Un journaliste suisse nous dit tenir de bonne source que cette décision indique seulement la volonté du Conseil Suprême de ne pas se déjuger et que la Ligue des Nations pourra toujours revenir sur la question. Il y aurait, d’après cette interprétation, plutôt une déclaration d’incompétence qu’une fin de non recevoir.
La décision du Conseil Suprême ne saurait surprendre personne, car M. Renner a été seul à être entendu. M. Ender n’a pas même demandé à l’accompagner à Paris et s’est borné à lui télégraphier pour lui rappeler qu’il avait été entendu entre eux que la question ne serait pas discutée à Paris avant que le Vorarlberg ait pu exposer son point de vue. Il semble qu’il y ait eu là une promesse formelle de la part de M. Renner, promesse qu’il aurait éludée en faisant prendre les devants par les Puissances alliées.
Le Conseil fédéral n’a fait, de son côté, aucune démarche quelconque auprès des Puissances pour faire reconnaître le droit de libre disposition du Vorarlberg. Il tenait absolument à éviter toute apparence d’un encouragement à la séparation du Vorarlberg d’avec l’Autriche. Le Conseil fédéral était d’ailleurs encouragé dans son attitude passive par le fait que le Vorarlberg ne lui avait pas encore demandé d’intervenir; celui-ci, en effet, désireux lui aussi de suivre à tout prix la filière légale, ne voulait pas agir directement tant qu’il y aurait quelque chance de voir M. Renner présenter lui-même la requête de M. Ender.
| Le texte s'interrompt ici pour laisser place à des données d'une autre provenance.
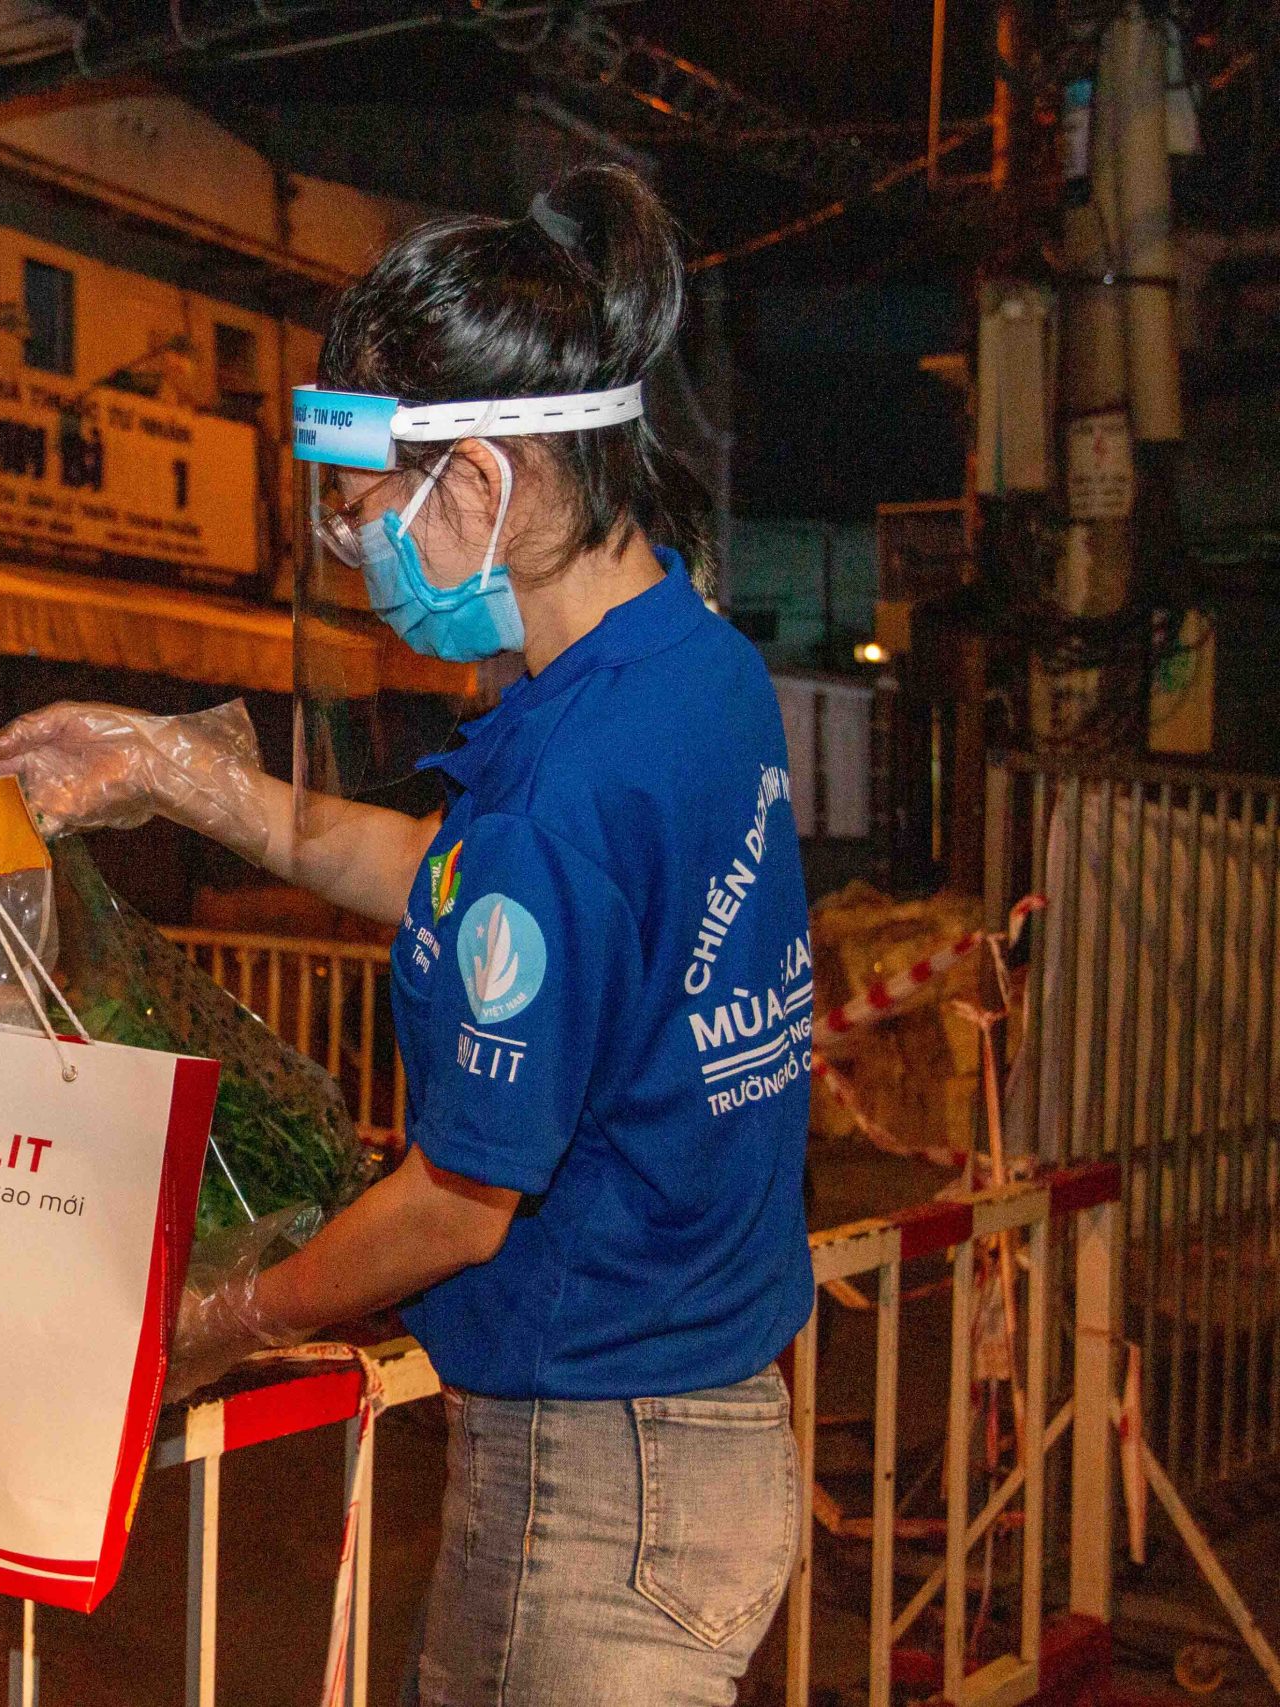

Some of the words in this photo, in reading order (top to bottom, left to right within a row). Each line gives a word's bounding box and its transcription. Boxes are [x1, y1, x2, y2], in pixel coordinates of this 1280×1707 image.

[313, 408, 329, 425] TIN
[330, 409, 354, 430] HỌC
[683, 858, 757, 995] CHIẾN
[687, 986, 784, 1053] MÙA
[707, 1067, 786, 1117] TRƯỜNG
[39, 1193, 86, 1217] mới
L’art de M. Renner a consisté toujours à mettre la Suisse dans l’impossibilité morale de défendre le Vorarlberg: n’ayant ainsi à faire qu’à ce petit peuple, il lui était facile chaque fois d’en venir à bout.
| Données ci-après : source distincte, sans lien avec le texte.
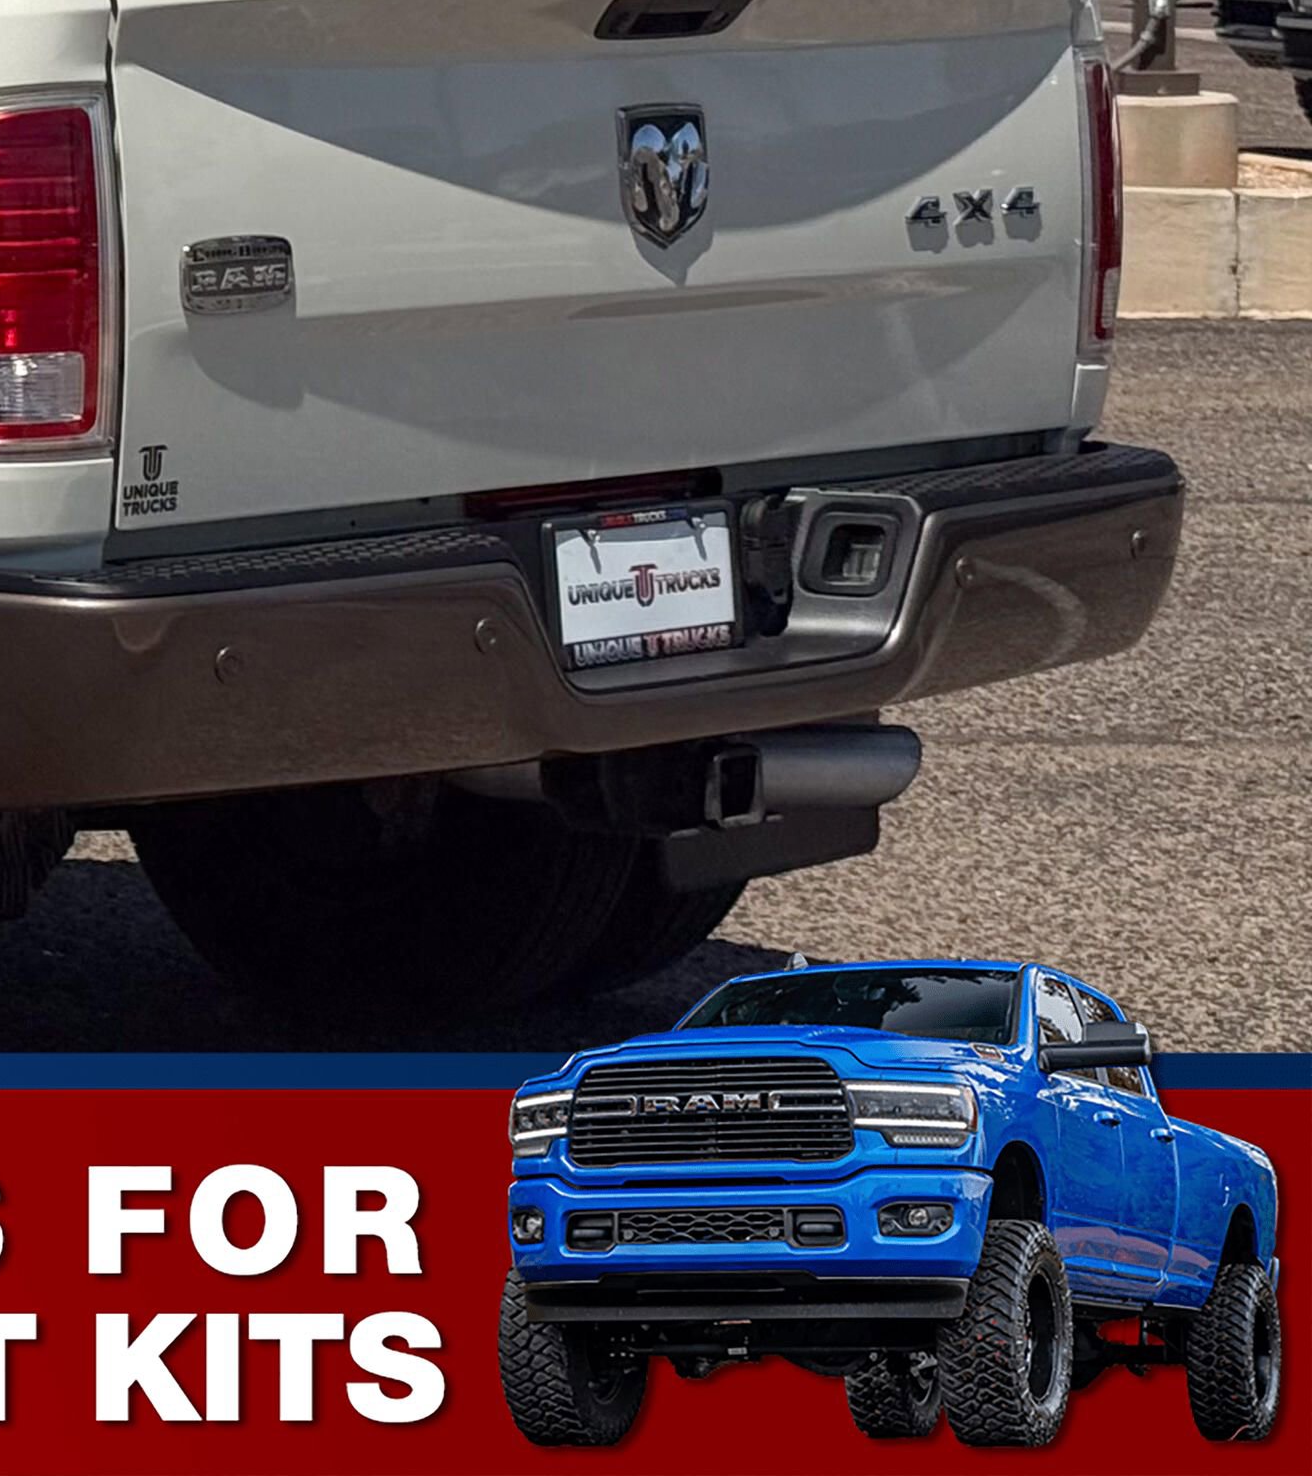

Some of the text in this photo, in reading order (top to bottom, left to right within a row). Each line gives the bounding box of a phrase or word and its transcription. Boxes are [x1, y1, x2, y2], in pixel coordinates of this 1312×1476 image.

Il est évident que les manifestations tyroliennes en faveur d’une réunion à l’Allemagne ont été combinées par M. Renner afin d’impressioner l’Entente et de lui faire croire qu’en touchant au Vorarlberg, on démolissait toute l’Autriche, et on la jetait dans les bras allemands. L’attitude des socialistes à Innsbruck prouve clairement qu’ils obéissent à un mot d’ordre du Chancelier. Tout cela était bien facile pour M. Renner et la Suisse assistait à tous ces bluffs sans pouvoir venir en aide aux Vorarlberg eois, car le Conseil fédéral, comme nous l’avons déjà dit, était absolument opposé à toute intervention qui pût paraître attenter à l’intégrité de l’Autriche. La presse suisse prend note avec une certaine aigreur de la mauvaise foi de M. Renner.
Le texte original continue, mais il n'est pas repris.